Keywords: coronavirus disease, pediatric, sars-cov-2 and covid-19, pediatric case with covid-19, multisystem inflammatory syndrome in children
Introduction
Severe acute respiratory syndrome coronavirus 2 (SARS-CoV-2) is the virus responsible for coronavirus disease 2019 (COVID-19) that began spreading in early 2020. Usually, children with COVID-19 have a self-limiting course, but rarely they can develop multisystem inflammatory syndrome in children (MIS-C) which is a devastating complication of COVID-19 [1]. Usually, the presentation of MIS-C is delayed after SARS-CoV-2 infection, and the clinical features of MIS-C are similar to Kawasaki’s disease in which patients will have an unremitting fever, abdominal pain, vomiting, mucocutaneous lesions, and conjunctivitis. Furthermore, upon laboratory testing and investigations, patients with MIS-C can be found to have multiple abnormalities including but not limited to, lymphopenia, elevated inflammatory markers, cardiovascular involvement in the form of heart failure, pericardial effusion, myocarditis, coronary artery aneurysm, and shock [2-5]. The pathophysiology behind MIS-C is unknown but it is thought to be an immune dysregulation with cytokine release syndrome in response to SARS-CoV-2 infection [5]. The diagnosis of MIS-C can be challenging due to the systemic involvement of the illness, and it requires a high index of suspicion. Therefore, the Center for Disease Control (CDC) has published a case definition for MIS-C [6,7]. The management of MIS-C is still evolving, and it requires a multidisciplinary team. Multiple guidelines have been published but there are no studies that compare the efficacy of treatment options. Management of MIS-C is supportive in the form of fluid replacement, ionotropic, respiratory support, and most patients are given steroids and intravenous immunoglobulin (IVIG), and additional management is based on the case [6,8]. Since May 2020, the CDC has been tracking the cases of MIS-C in the US and they found that the median age of patients with MIS-C is nine years, and White non-Hispanic had the highest percentage of cases compared to other ethnic groups. According to CDC to date, the number of patients that meet the MIS-C case definition in the US is 7459 cases with a total of 63 deaths [9].

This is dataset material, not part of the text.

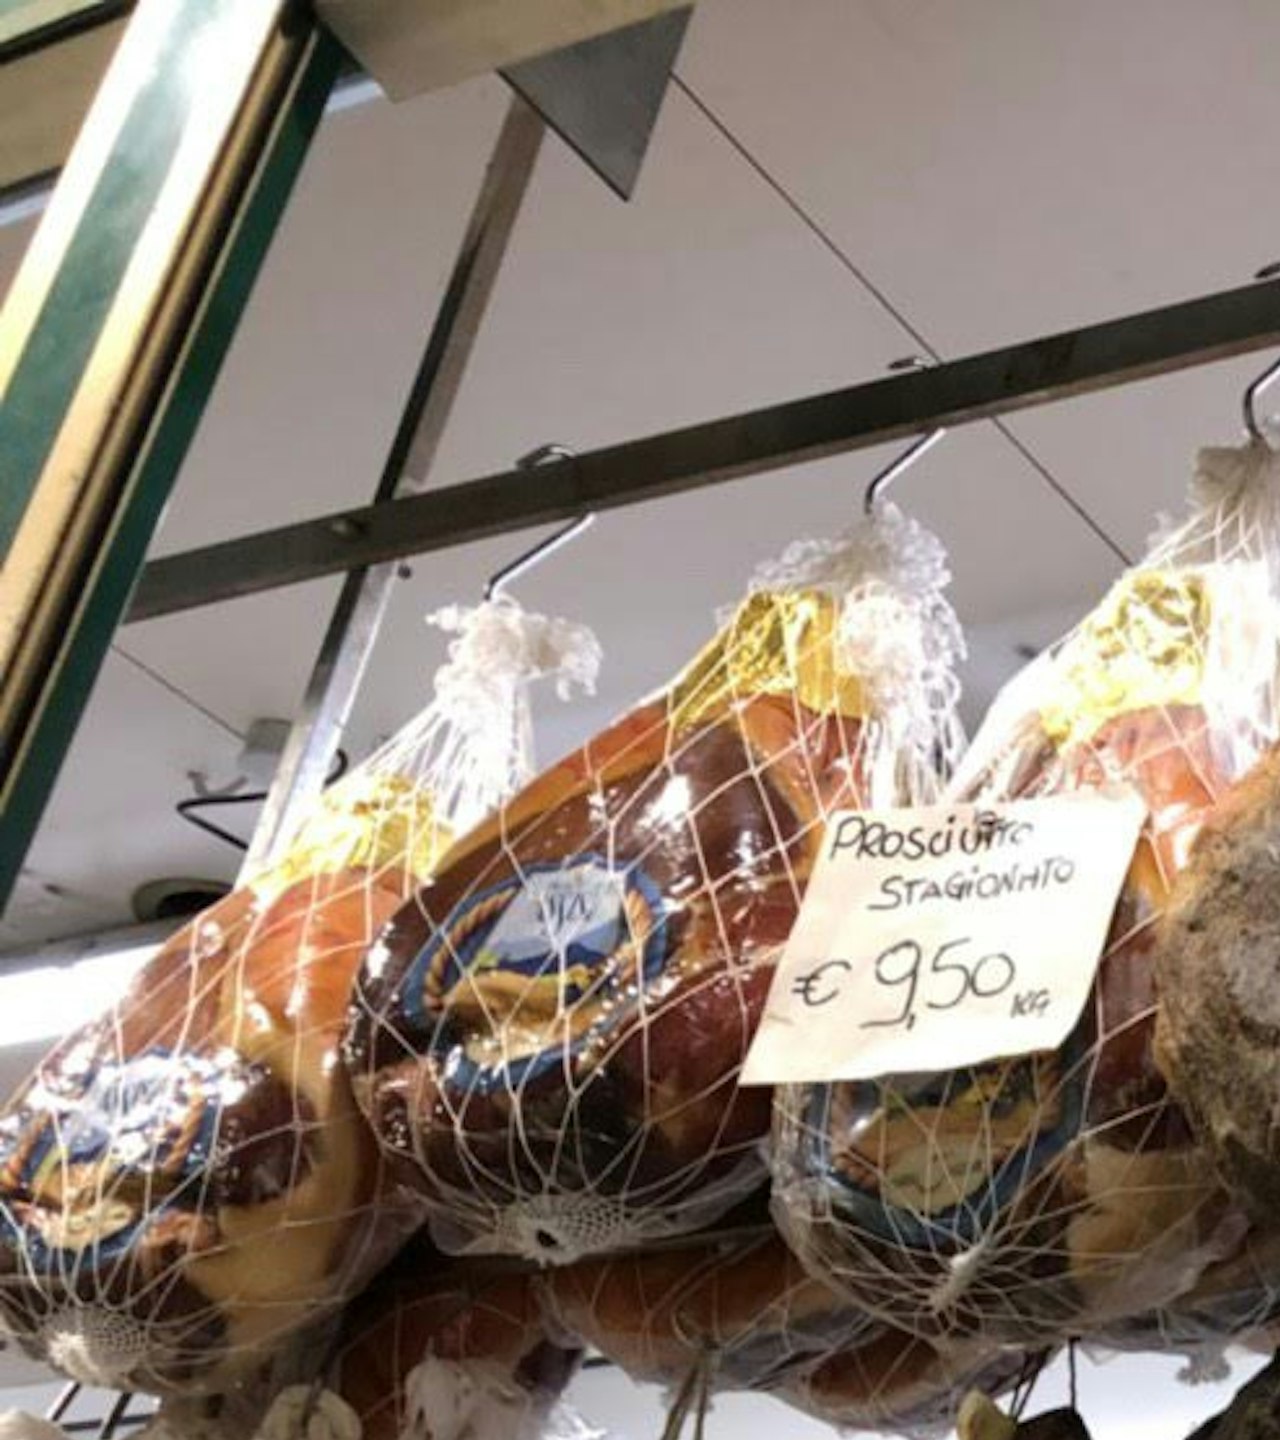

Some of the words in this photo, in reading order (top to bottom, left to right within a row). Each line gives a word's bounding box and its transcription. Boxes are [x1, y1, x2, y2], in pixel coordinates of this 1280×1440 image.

[868, 856, 1074, 910] STAGIONATO
[792, 960, 852, 1006] €
[860, 938, 1016, 1030] 9,50

The prognosis of MIS-C is yet to be determined due to the novelty of the illness and the lack of long-term follow-up studies. Although it is a serious complication and can be fatal, most cases have survived showing complete resolution [2,10]. The purpose of this report is to describe a case of MIS-C in an especially young patient (three-year-old boy) who was managed and recovered successfully from his illness.
Case presentation
This is a case of a three-year-old boy known to have an allergy to penicillin who presented to the emergency department with fever and diarrhea for three days. The patient was medically and surgically free (without any previous conditions). He is a full-term and was born with a spontaneous vaginal delivery without any previous pediatric intensive care unit admission. He is the only child of his parents with no family history of hematological, immunological, or genetic disease. There was a history of contact with COVID-19 patient (his parent). COVID-19 swab was taken and confirmed that the patient was COVID-19 positive, therefore he was admitted to the general pediatric ward and isolated.
The patient was in his usual state of health until three days ago when he started to have a fever that reached 38°C which was relieved by an acetaminophen suppository. Fever was associated with diarrhea twice a day that was brown in color, watery in nature, and large in amount (comes out from diaper) without mucus or blood in the stool. Also, he was presented with decreased oral intake consuming only liquids, minimal tears during crying, and reduced activity. Also, urination decreased from three times a day to once a day without changing color and smell. There was no associated history of seizures, photophobia, abdominal pain, vomiting, palpitations, shortness of breath, joint pain or swelling, and urinary complaints.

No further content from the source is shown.